Activity -> Beginning at the line that contains "this 1250×1875 image." and ending at the last line of the records below, retype each line exactly and add nothing.

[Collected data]
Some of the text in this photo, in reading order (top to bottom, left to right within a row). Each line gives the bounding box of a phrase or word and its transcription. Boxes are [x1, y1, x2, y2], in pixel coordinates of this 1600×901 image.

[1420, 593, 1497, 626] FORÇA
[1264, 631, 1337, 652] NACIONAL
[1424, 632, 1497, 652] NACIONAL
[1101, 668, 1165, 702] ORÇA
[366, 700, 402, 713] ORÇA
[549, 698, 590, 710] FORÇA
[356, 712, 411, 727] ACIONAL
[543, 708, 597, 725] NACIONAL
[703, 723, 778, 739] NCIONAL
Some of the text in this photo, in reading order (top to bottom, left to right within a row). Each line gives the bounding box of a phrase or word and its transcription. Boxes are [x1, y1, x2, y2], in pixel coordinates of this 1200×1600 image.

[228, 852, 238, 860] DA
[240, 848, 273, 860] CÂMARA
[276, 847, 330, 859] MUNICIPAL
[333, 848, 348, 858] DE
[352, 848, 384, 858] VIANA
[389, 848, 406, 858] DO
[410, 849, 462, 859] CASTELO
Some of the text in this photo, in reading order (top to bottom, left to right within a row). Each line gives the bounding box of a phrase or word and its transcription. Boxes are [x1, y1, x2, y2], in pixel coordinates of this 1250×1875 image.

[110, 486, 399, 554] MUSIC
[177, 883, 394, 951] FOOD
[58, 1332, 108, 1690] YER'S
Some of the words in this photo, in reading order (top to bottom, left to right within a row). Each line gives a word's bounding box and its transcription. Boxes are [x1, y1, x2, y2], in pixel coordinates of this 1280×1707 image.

The answer ->
Some of the text in this photo, in reading order (top to bottom, left to right within a row). Each line gives the bounding box of a phrase or word and its transcription. Boxes are [x1, y1, x2, y2], in pixel coordinates of this 1250×1875 image.

[110, 486, 399, 554] MUSIC
[177, 883, 394, 951] FOOD
[58, 1332, 108, 1690] YER'S
Some of the words in this photo, in reading order (top to bottom, left to right within a row). Each line gives a word's bounding box and its transcription. Boxes are [x1, y1, x2, y2], in pixel coordinates of this 1280×1707 image.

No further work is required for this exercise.